Councillor, Esquimalt Township
- In office 2005–2008

Personal details
- Born: January 14, 1947 (age 79) Edmonton, Alberta, Canada
- Party: Green
- Occupation: Psychologist, businesswoman, academic, politician

= Jane Sterk =

Canadian politician (born 1947)

Jane Sterk (born January 14, 1947) is a Canadian psychologist, businesswoman, academic, and politician. She is the former leader of the Green Party of British Columbia and a business professor at University Canada West. In the 2009 British Columbia provincial election she was a candidate in the riding of Esquimalt-Royal Roads and in the 2013 election was a candidate in Victoria-Beacon Hill. Sterk was elected councillor in the Township of Esquimalt in 2005 was elected leader of the provincial Green Party in October 2007. In the 2004 federal election and the 2005 provincial election as a candidate in the Esquimalt ridings, she placed fourth and third with 9% and 10% of the vote, respectively.

Before moving to Esquimalt in 1997, Sterk had lived in Edmonton. She earned a doctorate from the University of Alberta in counseling psychology and worked for Edmonton Public Schools and the Edmonton Board of Health. In 1983 she co-founded a business, Softwarehouse West, with a co-worker from the Board of Health. She sold computers, hardware, software, and related services until she retired to Esquimalt in 1997 intending to purchase a boat and sail recreationally. On August 13, 2013 Sterk announced she would resign as Green party leader.

==Before politics==
Jane Sterk was born and raised in Edmonton with her father, who worked as the dean of education at the University of Alberta, and her mother, who was a pianist. At 20 years old, in 1967 she married a man named John, who went on to become a lawyer and author. Together they raised two sons. Sterk worked as a school teacher for Edmonton Public Schools for seven years. At the University of Alberta, she earned a master's degree in education and a doctorate in counseling psychology. She opened a private psychologist practice and worked for the Edmonton Board of Health.

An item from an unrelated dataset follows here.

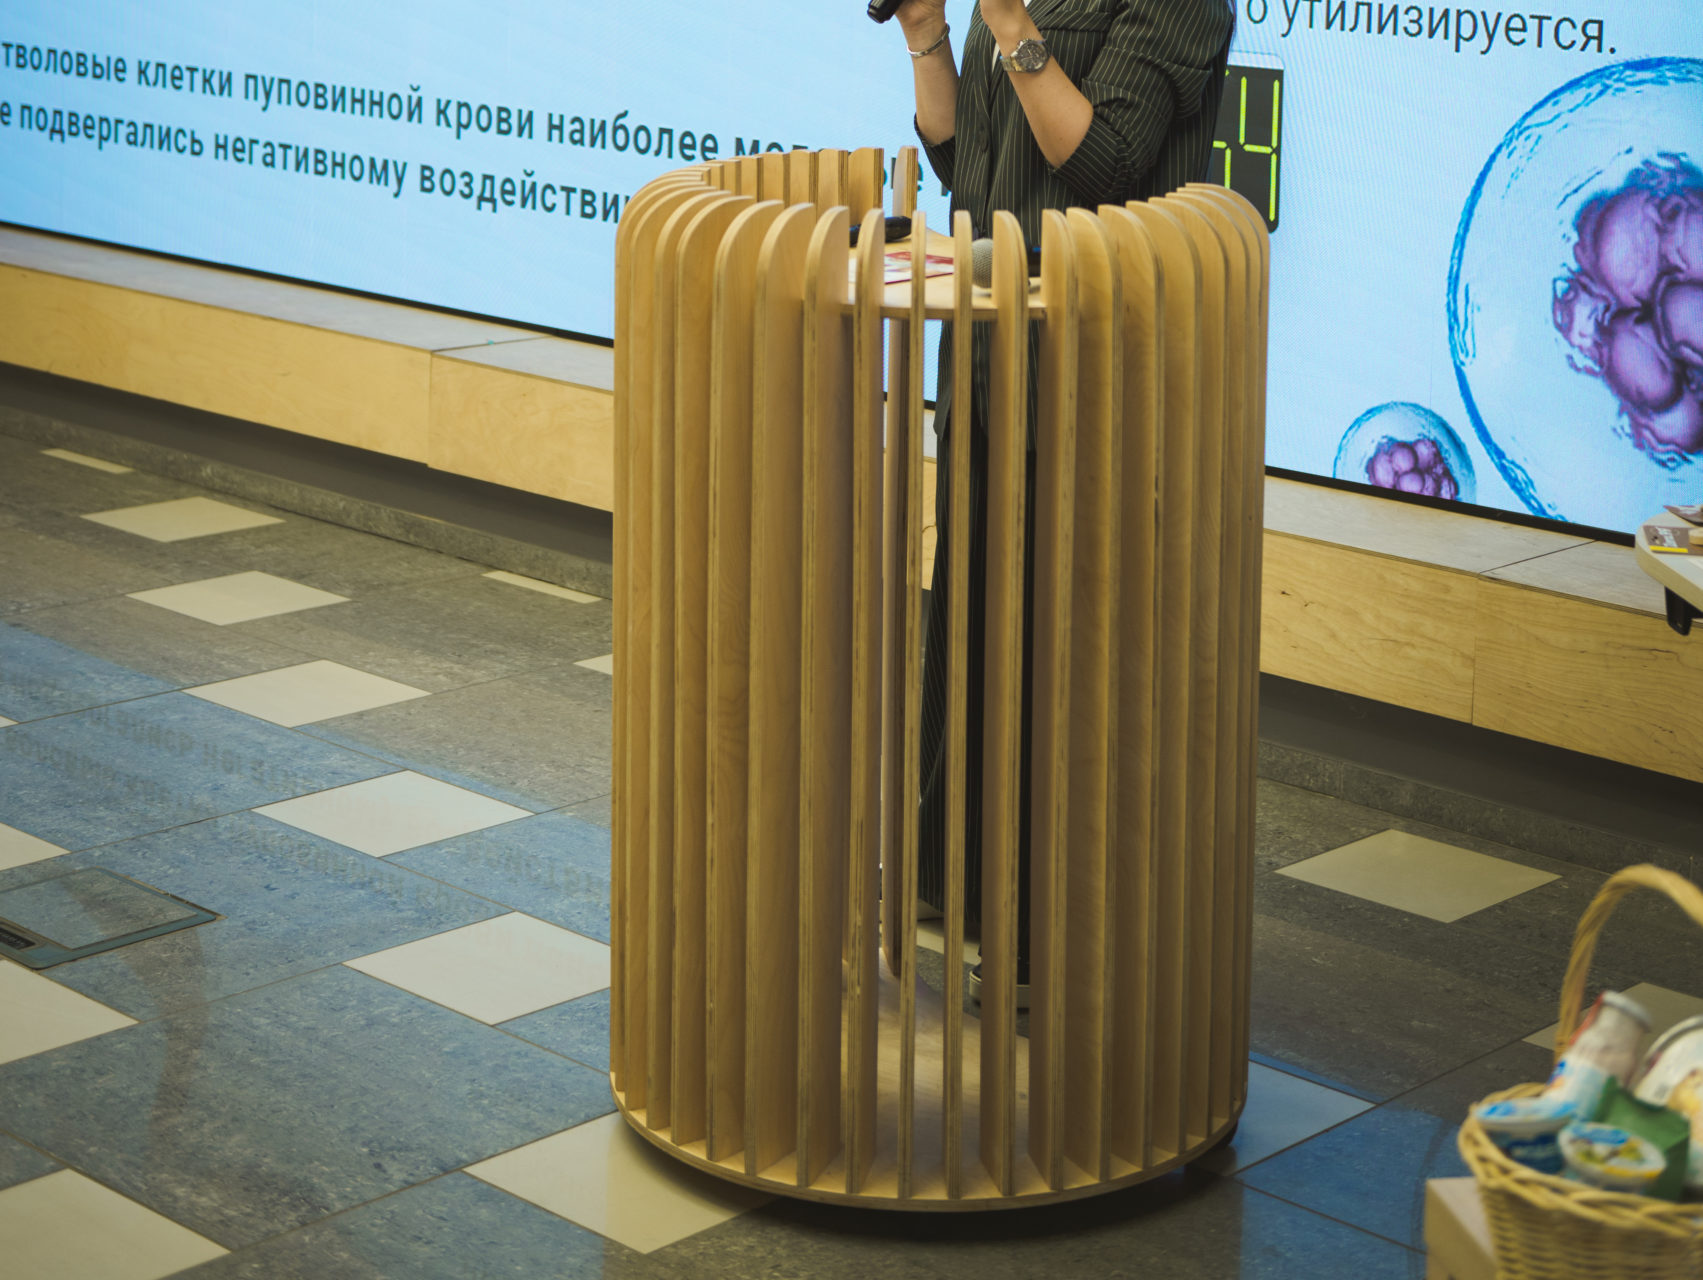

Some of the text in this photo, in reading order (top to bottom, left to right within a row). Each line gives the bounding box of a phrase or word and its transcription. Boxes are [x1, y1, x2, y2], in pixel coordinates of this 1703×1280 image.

In 1983, she opened a computer store, Softwarehouse West, with Gary Ford, a co-worker from the Edmonton Board of Health. By 1990, they employed 33 others, had $6 million in annual revenue, and had won the 1989 Alberta Small Business Owners of the Year award from the Chamber of Commerce. In 1992, the business split off its information management section, with Sterk heading the new company, USConnect Edmonton.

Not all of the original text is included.